WORK REQUEST:
Write out all of the entries exactly as given.

[Phrase grounding data]
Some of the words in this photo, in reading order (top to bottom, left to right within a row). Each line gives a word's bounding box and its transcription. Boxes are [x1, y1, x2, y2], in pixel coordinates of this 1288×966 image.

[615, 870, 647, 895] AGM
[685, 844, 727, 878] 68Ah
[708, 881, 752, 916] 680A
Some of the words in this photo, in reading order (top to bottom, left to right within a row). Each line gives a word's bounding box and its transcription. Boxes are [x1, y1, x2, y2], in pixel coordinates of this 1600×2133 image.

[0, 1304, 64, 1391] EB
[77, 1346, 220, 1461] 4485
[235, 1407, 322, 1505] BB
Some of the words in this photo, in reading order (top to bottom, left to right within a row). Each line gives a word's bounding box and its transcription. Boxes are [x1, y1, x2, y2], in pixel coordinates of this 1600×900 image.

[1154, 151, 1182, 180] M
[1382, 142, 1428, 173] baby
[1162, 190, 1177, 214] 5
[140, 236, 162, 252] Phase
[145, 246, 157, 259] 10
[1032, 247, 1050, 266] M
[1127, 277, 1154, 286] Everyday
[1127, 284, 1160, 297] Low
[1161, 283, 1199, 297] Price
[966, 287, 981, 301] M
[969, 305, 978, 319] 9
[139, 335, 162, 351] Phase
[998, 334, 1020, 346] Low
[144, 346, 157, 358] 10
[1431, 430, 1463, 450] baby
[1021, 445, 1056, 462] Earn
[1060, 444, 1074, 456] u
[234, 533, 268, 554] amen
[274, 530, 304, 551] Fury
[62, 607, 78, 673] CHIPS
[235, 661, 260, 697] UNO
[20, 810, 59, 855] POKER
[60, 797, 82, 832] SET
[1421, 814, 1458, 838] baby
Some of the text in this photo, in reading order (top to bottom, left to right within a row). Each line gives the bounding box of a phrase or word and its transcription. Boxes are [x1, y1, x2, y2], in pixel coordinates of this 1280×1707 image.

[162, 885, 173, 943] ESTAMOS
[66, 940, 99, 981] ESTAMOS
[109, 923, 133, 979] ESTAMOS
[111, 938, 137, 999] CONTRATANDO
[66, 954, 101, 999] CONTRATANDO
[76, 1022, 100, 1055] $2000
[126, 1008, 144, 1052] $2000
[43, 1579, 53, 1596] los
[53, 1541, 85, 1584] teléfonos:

RESULT:
Some of the words in this photo, in reading order (top to bottom, left to right within a row). Each line gives a word's bounding box and its transcription. Boxes are [x1, y1, x2, y2], in pixel coordinates of this 1288×966 image.

[615, 870, 647, 895] AGM
[685, 844, 727, 878] 68Ah
[708, 881, 752, 916] 680A
Some of the words in this photo, in reading order (top to bottom, left to right within a row). Each line gives a word's bounding box and its transcription. Boxes are [x1, y1, x2, y2], in pixel coordinates of this 1600×2133 image.

[0, 1304, 64, 1391] EB
[77, 1346, 220, 1461] 4485
[235, 1407, 322, 1505] BB
Some of the words in this photo, in reading order (top to bottom, left to right within a row). Each line gives a word's bounding box and its transcription. Boxes are [x1, y1, x2, y2], in pixel coordinates of this 1600×900 image.

[1154, 151, 1182, 180] M
[1382, 142, 1428, 173] baby
[1162, 190, 1177, 214] 5
[140, 236, 162, 252] Phase
[145, 246, 157, 259] 10
[1032, 247, 1050, 266] M
[1127, 277, 1154, 286] Everyday
[1127, 284, 1160, 297] Low
[1161, 283, 1199, 297] Price
[966, 287, 981, 301] M
[969, 305, 978, 319] 9
[139, 335, 162, 351] Phase
[998, 334, 1020, 346] Low
[144, 346, 157, 358] 10
[1431, 430, 1463, 450] baby
[1021, 445, 1056, 462] Earn
[1060, 444, 1074, 456] u
[234, 533, 268, 554] amen
[274, 530, 304, 551] Fury
[62, 607, 78, 673] CHIPS
[235, 661, 260, 697] UNO
[20, 810, 59, 855] POKER
[60, 797, 82, 832] SET
[1421, 814, 1458, 838] baby
Some of the text in this photo, in reading order (top to bottom, left to right within a row). Each line gives the bounding box of a phrase or word and its transcription. Boxes are [x1, y1, x2, y2], in pixel coordinates of this 1280×1707 image.

[162, 885, 173, 943] ESTAMOS
[66, 940, 99, 981] ESTAMOS
[109, 923, 133, 979] ESTAMOS
[111, 938, 137, 999] CONTRATANDO
[66, 954, 101, 999] CONTRATANDO
[76, 1022, 100, 1055] $2000
[126, 1008, 144, 1052] $2000
[43, 1579, 53, 1596] los
[53, 1541, 85, 1584] teléfonos:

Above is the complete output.